He could, but that wouldn't achieve his ultimate goal. 

Brad has said many times that he is doing this for the good of the community and that these substandard parts should not be foisted upon the unsuspecting masses. Brad is trying to help the world. Duh.

Anybody got a list of all the other media outlets where he's getting the word out? I go to lots of other sites and didn't see any mention of it? Hadn't seen those completed test results either, anybody got those? Curious, very curious.

Dennis, I wish you would keep your common sense and lack of nonsense out of these threads. They are much better when they are a big ego strokefest.

oop:


----------



## thomas1 (Dec 14, 2012)

Mastermind said:


> I need to send him an aftermarket sanding roll.



Brad hasn't sold his soul and doesn't buy Walmart junk. I read it on the internets, it must be true.


----------



## DSS (Dec 14, 2012)

thomas1 said:


> Brad hasn't sold his soul and doesn't buy Walmart junk. I read it on the internets, it must be true.

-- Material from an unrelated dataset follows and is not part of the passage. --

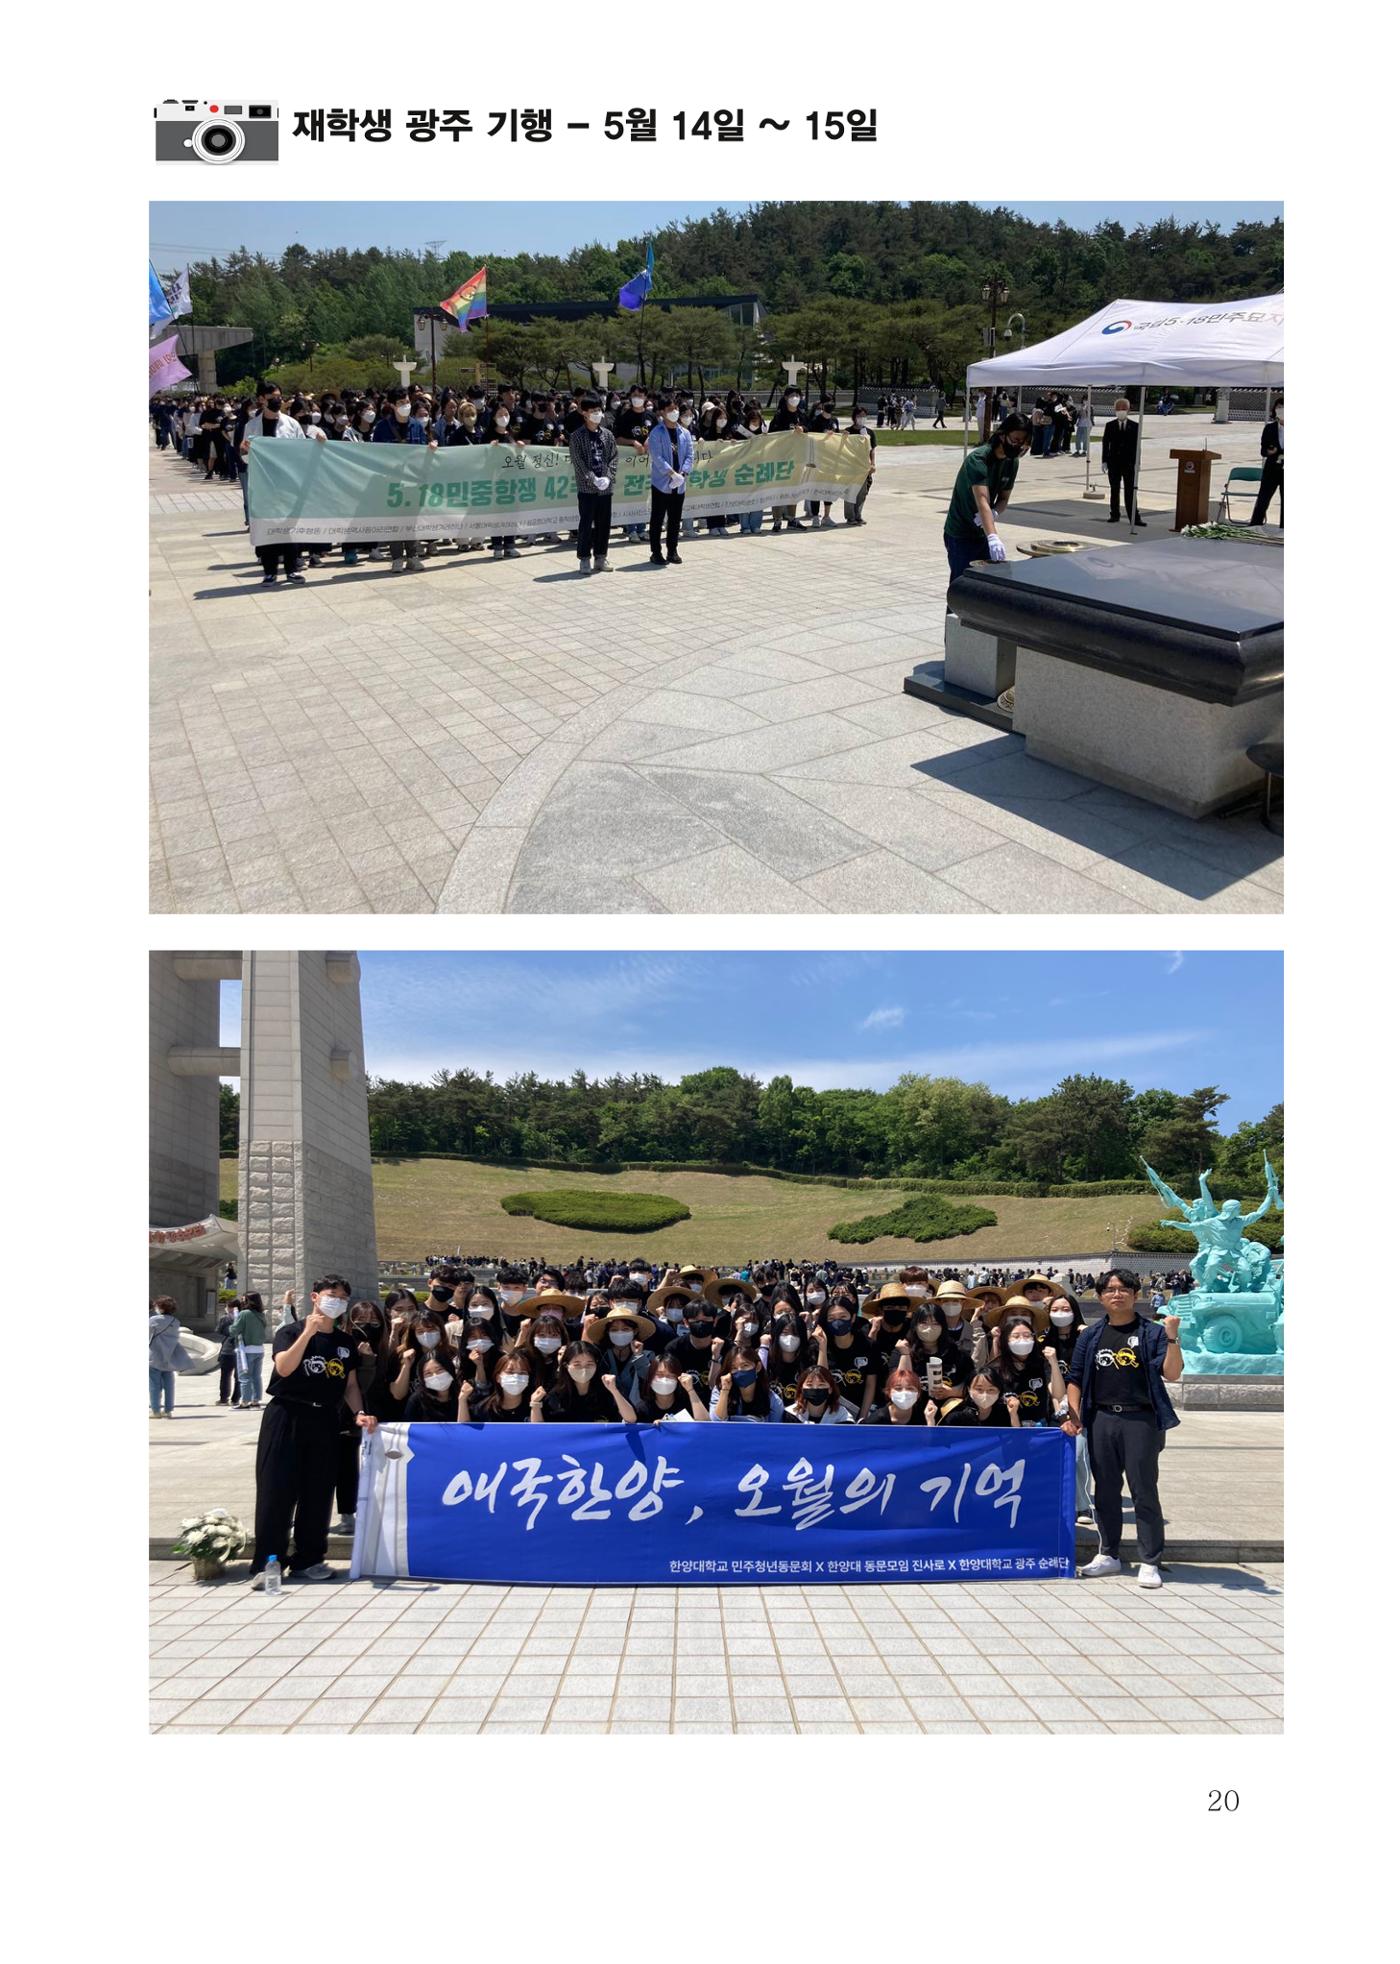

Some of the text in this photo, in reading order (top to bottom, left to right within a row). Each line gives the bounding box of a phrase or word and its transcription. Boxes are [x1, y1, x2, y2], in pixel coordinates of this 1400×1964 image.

Pull your skirt down. Your agenda is showing.


----------



## thomas1 (Dec 14, 2012)

Just reporting what I read. Maybe I misread?


----------



## Scooterbum (Dec 14, 2012)

thomas1 said:


> Just reporting what I read. Maybe I misread?



Hell it's gotta be true,I seen it in a "Sticky".:msp_w00t::msp_w00t::msp_w00t:


----------



## thomas1 (Dec 14, 2012)

Scooterbum said:


> Hell it's gotta be true,I seen it in a "Sticky".:msp_w00t::msp_w00t::msp_w00t:



I see what you did there.


----------



## DSS (Dec 14, 2012)

thomas1 said:


> Just reporting what I read. Maybe I misread?



Perhaps. Maybe we should get Genius to come over and explain things to you. Sometimes its hard to read between the lines of these threads, sometimes not so much.:msp_rolleyes:


----------



## Andyshine77 (Dec 14, 2012)

thomas1 said:


> Just reporting what I read. Maybe I misread?



No you read what I typed just fine, and I stand behind it just the same, and I haven't been inside a Walmart in several years.


----------



## procarbine2k1 (Dec 14, 2012)

Andyshine77 said:


> No you read what I typed just fine, and I stand behind it just the same, and I haven't been inside a Walmart in several years.



Then where did you get that Poulan in your avatar! :msp_tongue:


----------



## Andyshine77 (Dec 14, 2012)

procarbine2k1 said:


> Then where did you get that Poulan in your avatar! :msp_tongue:



Hahaha CL for 20 bucks.:msp_tongue:


----------



## MCW (Dec 14, 2012)

The kit that went to Santa's little helper, reindeer, came from me. There are a sh*tload of these kits out there, some in racing, some in professional situations, and many with homeowners. Never had a single problem with any of them. They are good to go straight out of the box although I have always supplied or recommended Caber rings.


----------



## MCW (Dec 14, 2012)

lone wolf said:


> And how long do they run? Anyone out there run these on a daily basis at work? How long have they been working for you what results? I am wondering if the metals inside the bore are up to par and if the bore measurements are proper.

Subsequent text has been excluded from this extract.